Songer à la Cité des Nuages réveilla une pensée qu’il avait remisée depuis trop longtemps. L’invitation de Priam, l’empereur de la Lumière. Rien que pour ennuyer Morion, l’Adhan était capable de provoquer une rencontre avec le Patriarche. Mais pas seulement pour cette raison. Il se sentait curieux. Le charisme de l’empereur était légendaire. Il était aimé et respecté de son peuple, dont Cellendhyll avait fait partie. Il n’avait cependant jamais rencontré Priam. Il était pourtant destiné à le faire dans sa jeunesse, après son accession au poste de Lige de la Lumière.
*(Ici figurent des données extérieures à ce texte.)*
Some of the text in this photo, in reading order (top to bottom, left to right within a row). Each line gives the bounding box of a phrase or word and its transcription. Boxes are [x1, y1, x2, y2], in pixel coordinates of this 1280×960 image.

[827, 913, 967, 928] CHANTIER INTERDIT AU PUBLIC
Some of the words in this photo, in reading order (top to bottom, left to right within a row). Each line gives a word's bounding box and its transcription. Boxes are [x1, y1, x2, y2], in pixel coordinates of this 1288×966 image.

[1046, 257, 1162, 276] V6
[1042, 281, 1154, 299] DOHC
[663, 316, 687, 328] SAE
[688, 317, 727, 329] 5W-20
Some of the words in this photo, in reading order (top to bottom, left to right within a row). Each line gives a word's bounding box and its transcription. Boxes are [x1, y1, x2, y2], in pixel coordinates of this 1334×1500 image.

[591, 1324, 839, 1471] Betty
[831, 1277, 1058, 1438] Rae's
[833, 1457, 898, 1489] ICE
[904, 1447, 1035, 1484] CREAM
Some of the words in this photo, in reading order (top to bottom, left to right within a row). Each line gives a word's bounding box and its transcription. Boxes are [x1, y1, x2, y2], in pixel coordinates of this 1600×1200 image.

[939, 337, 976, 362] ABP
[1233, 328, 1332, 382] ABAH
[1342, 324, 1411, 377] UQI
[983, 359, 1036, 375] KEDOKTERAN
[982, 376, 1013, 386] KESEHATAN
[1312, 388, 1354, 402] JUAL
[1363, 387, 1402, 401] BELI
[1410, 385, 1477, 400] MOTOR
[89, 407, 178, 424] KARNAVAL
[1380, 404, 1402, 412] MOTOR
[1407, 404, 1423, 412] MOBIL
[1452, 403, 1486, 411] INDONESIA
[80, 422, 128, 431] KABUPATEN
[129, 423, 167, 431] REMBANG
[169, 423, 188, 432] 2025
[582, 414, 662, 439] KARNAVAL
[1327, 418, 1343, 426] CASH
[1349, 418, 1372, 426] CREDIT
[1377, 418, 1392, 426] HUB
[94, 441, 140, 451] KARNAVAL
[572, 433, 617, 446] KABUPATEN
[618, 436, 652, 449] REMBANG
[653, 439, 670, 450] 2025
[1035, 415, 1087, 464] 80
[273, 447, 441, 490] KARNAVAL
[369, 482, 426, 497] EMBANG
Toutefois le destin en avait décidé autrement, en lui faisant suivre une voie différente, bien distincte. Celle du Chaos.

Oui, il avait envie d’entendre ce que Priam avait à lui dire. Encore un projet qu’il ferait bien de cacher à Morion. Ses pensées délaissèrent le Patriarche pour se cristalliser sur son seigneur chaotique.

Nos relations se désagrègent. Ai-je toujours envie de travailler pour lui ? Non. Oui. Je ne sais pas, il m’exaspère. Au fond, je crois que je pourrais me passer de Morion, mais pas de l’existence qu’il m’a offerte.

Je ne vois pas quel autre destin suivre depuis la mort de Dev’. Servir Morion m’offre les sensations fortes dont j’ai tant besoin. Mon équilibre, je le trouve dans l’action, au contact du danger. Le reste du temps, j’ai l’impression d’être une coquille vide. De surcroît, il me permet de me sentir important, spécial. J’ai ma place auprès de lui, et quoi que j’en dise, ce n’est pas celle d’un simple laquais.

Quelle autre alternative ? Quitter le Chaos pour faire quoi ? Je me suis déjà posé la question. Rejoindre les Territoires-Francs et intégrer une compagnie franche en tant qu’officier, j’en ai largement les capacités. Mais sans Dev’pour partager une telle entreprise, ça n’en vaut pas la peine.

Il fit une dizaine de pas avant que sa conscience ne le relance.

Tu oublies Estrée. Elle serait tout aussi parfaite que Devora dans ce rôle.

Partir avec Estrée à l’aventure, me laisser gagner par son charme, découvrir avec elle le goût de la liberté. Une idée ma foi séduisante… Non, une idée folle, car elle est l’héritière d’Eodh, son père et son frère ne me laisseraient jamais faire, inutile de se leurrer sur cette utopie.

Estrée. Il aimait prononcer ce nom. Le savourer.

Il avait envie de mieux la connaître. Il n’était pas amoureux d’elle, mais il éprouvait plus que de la simple attirance sexuelle.

Il ne se défiait plus de la jeune femme, elle lui avait démontré par des actes clairs qu’elle était digne de confiance.

Il ne se défiait plus de lui-même, car il s’était prouvé avec Devora qu’il était capable d’aimer, d’aimer véritablement.

Mais il se méfiait, pourtant, et cela entravait ses perspectives d’avenir. Il se méfiait du Destin. Ce joueur insaisissable, immatériel, qui semblait se complaire à lui ravir les êtres chers, à faire échouer ses amours.